REQUIRED WORK. Return all entries word for word, but drop any images.

-----

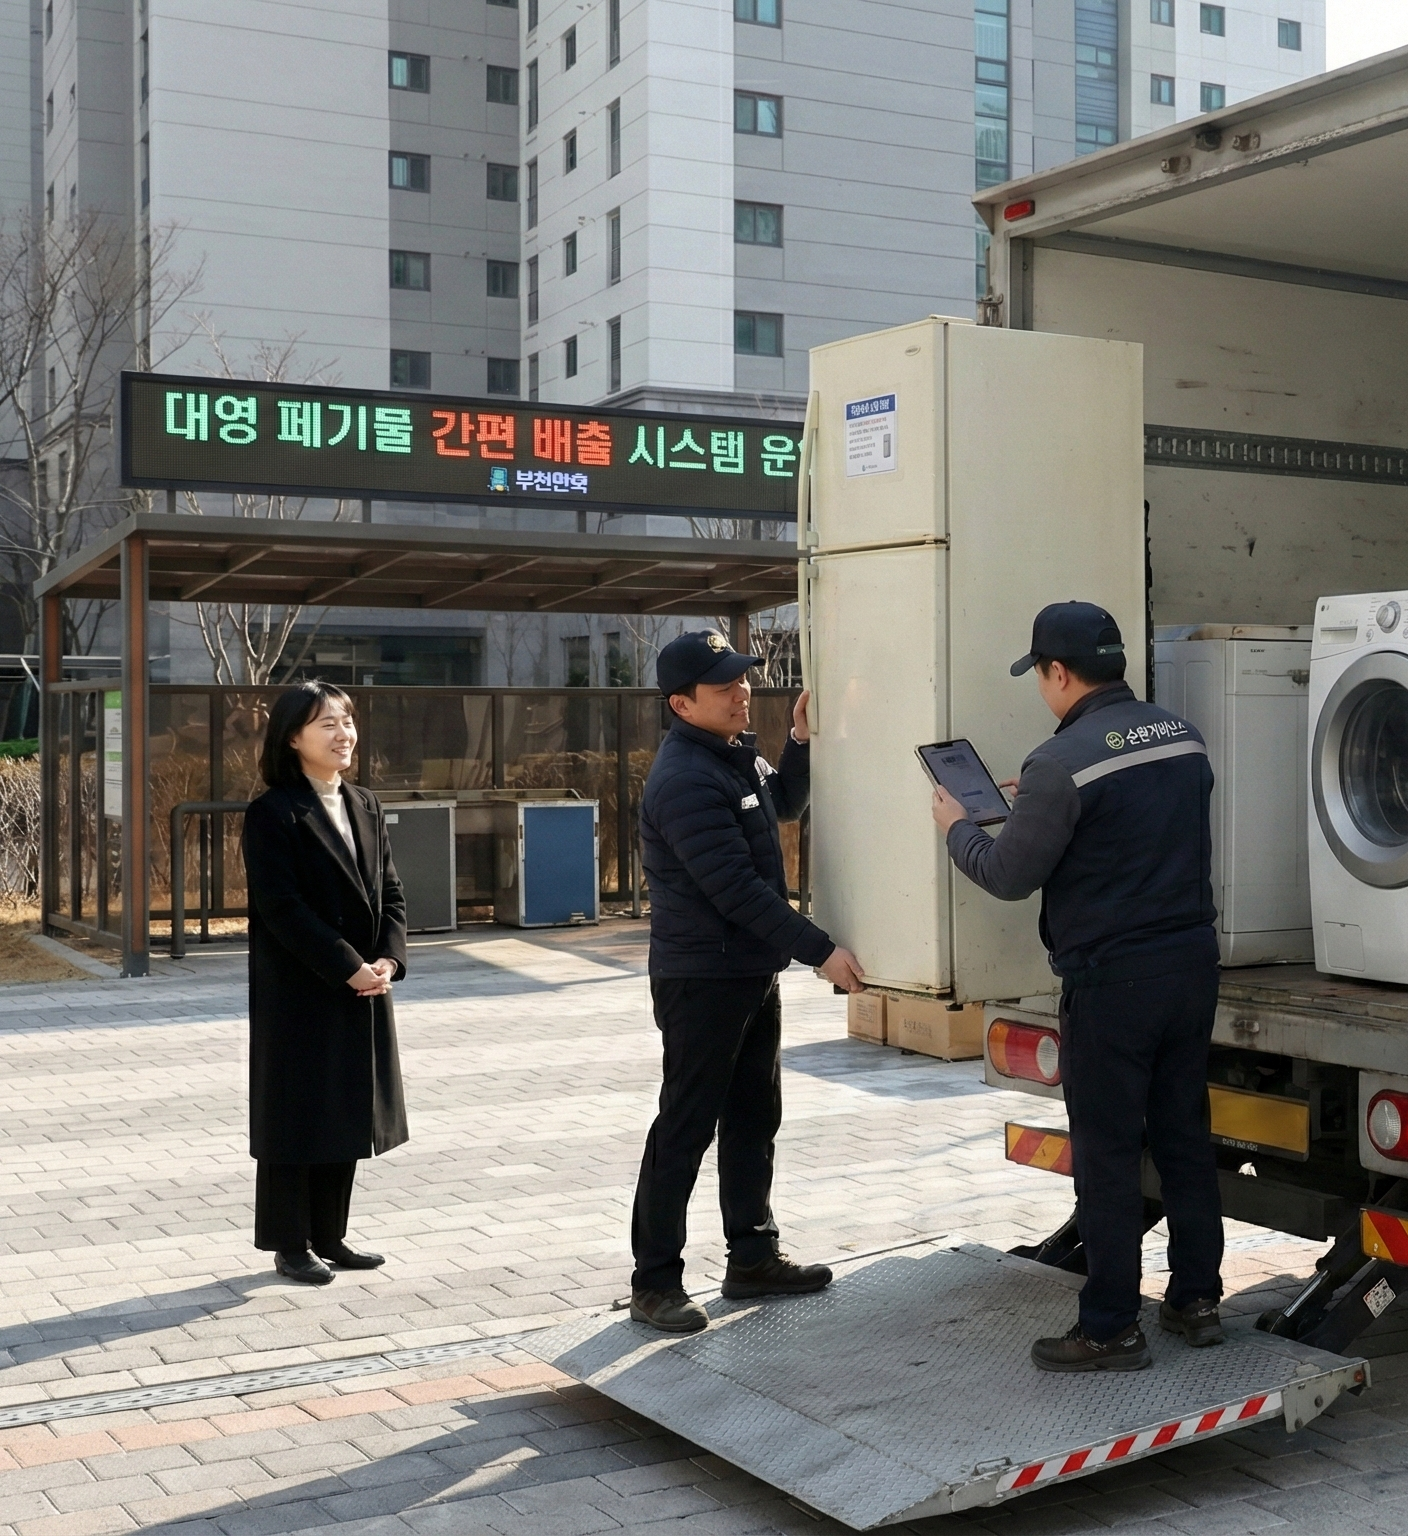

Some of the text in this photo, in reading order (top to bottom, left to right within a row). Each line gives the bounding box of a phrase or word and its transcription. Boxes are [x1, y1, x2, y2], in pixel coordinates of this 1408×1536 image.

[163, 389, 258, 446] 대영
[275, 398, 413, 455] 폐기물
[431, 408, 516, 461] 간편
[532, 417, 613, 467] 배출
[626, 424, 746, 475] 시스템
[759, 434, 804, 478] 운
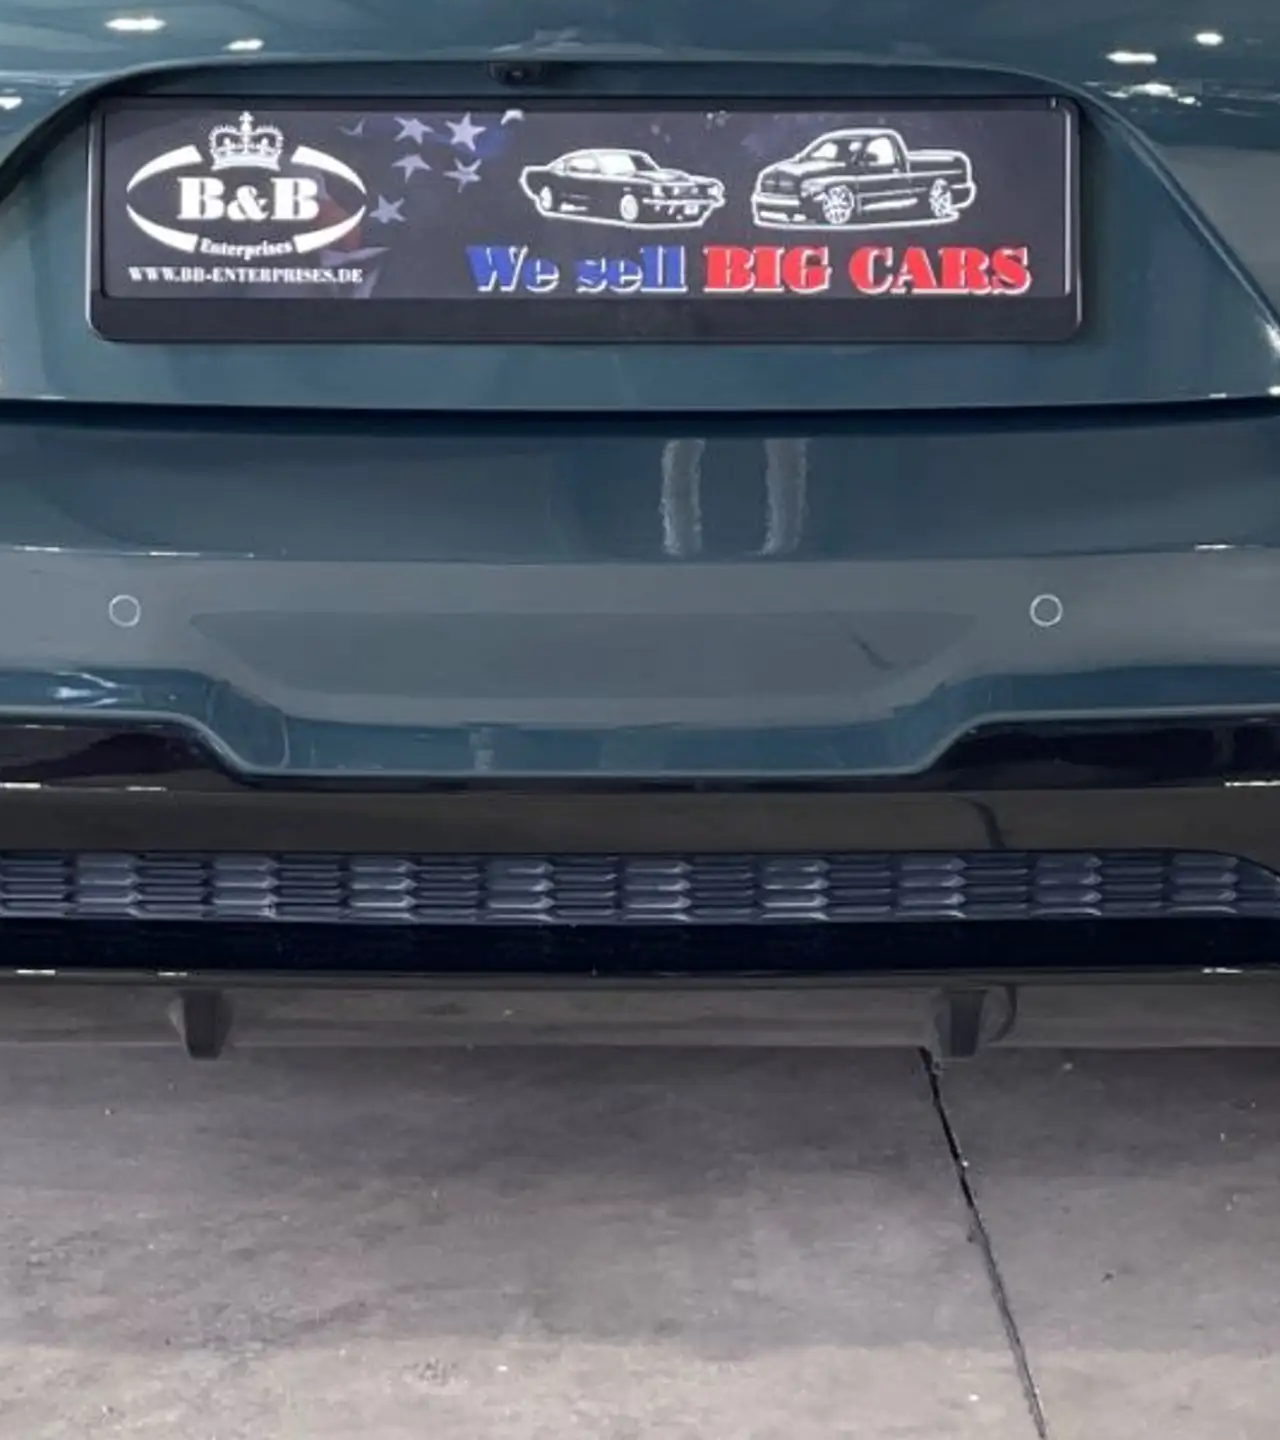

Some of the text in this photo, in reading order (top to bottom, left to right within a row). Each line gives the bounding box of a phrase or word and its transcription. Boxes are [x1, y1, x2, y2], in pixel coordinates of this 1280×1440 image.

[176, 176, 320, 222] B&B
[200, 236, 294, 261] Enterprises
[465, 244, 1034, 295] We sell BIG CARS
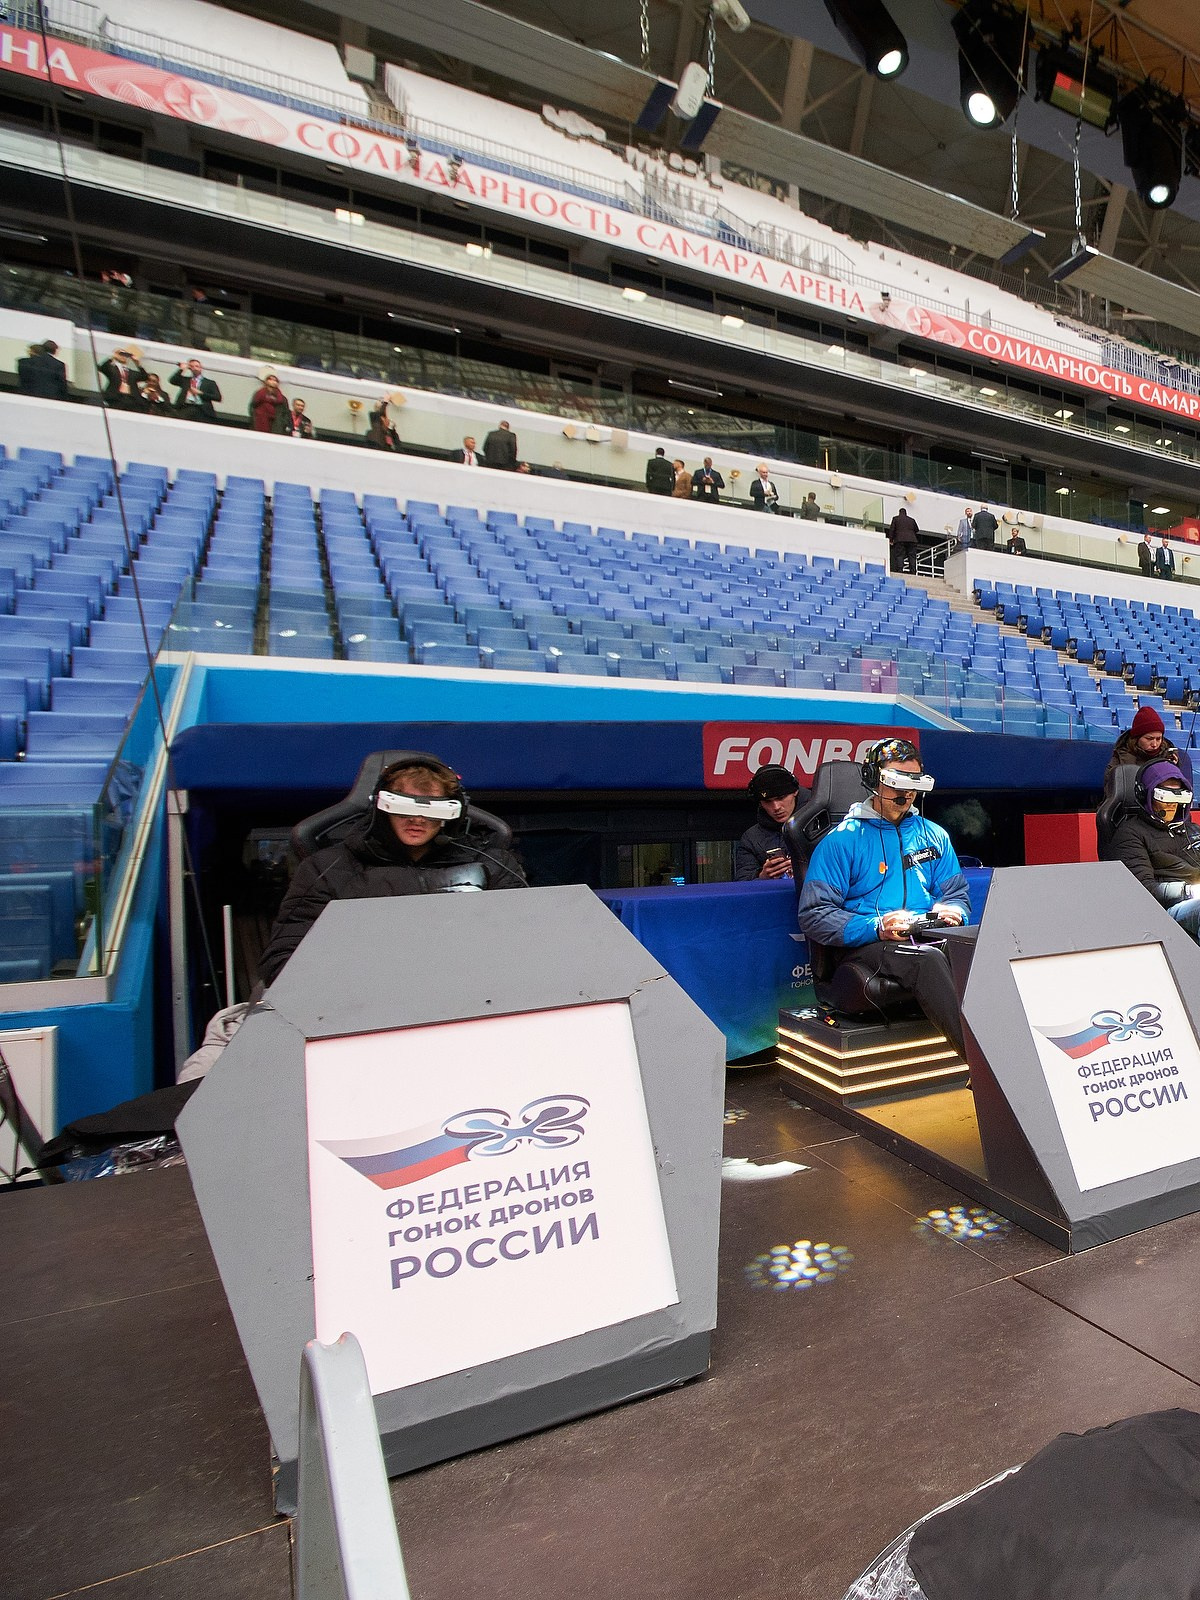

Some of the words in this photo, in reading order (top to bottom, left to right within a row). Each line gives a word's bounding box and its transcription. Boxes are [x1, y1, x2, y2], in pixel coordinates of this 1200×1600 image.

-----

OUTPUT BELOW.
Some of the text in this photo, in reading order (top to bottom, left to right within a row). Each line gives the bounding box of a phrase or word and its transcription. Boxes are [x1, y1, x2, y2], in pixel coordinates of this 1408×1536 image.

[163, 389, 258, 446] 대영
[275, 398, 413, 455] 폐기물
[431, 408, 516, 461] 간편
[532, 417, 613, 467] 배출
[626, 424, 746, 475] 시스템
[759, 434, 804, 478] 운

Some of the text in this photo, in reading order (top to bottom, left to right within a row). Each line gives the bounding box of a phrase or word and its transcription. Boxes are [x1, y1, x2, y2], in pixel coordinates of this 1280×1440 image.

[176, 176, 320, 222] B&B
[200, 236, 294, 261] Enterprises
[465, 244, 1034, 295] We sell BIG CARS

Some of the words in this photo, in reading order (top to bottom, left to right within a row). Each line gives a word's bounding box and its transcription. Boxes are [x1, y1, x2, y2], in pixel coordinates of this 1200×1600 image.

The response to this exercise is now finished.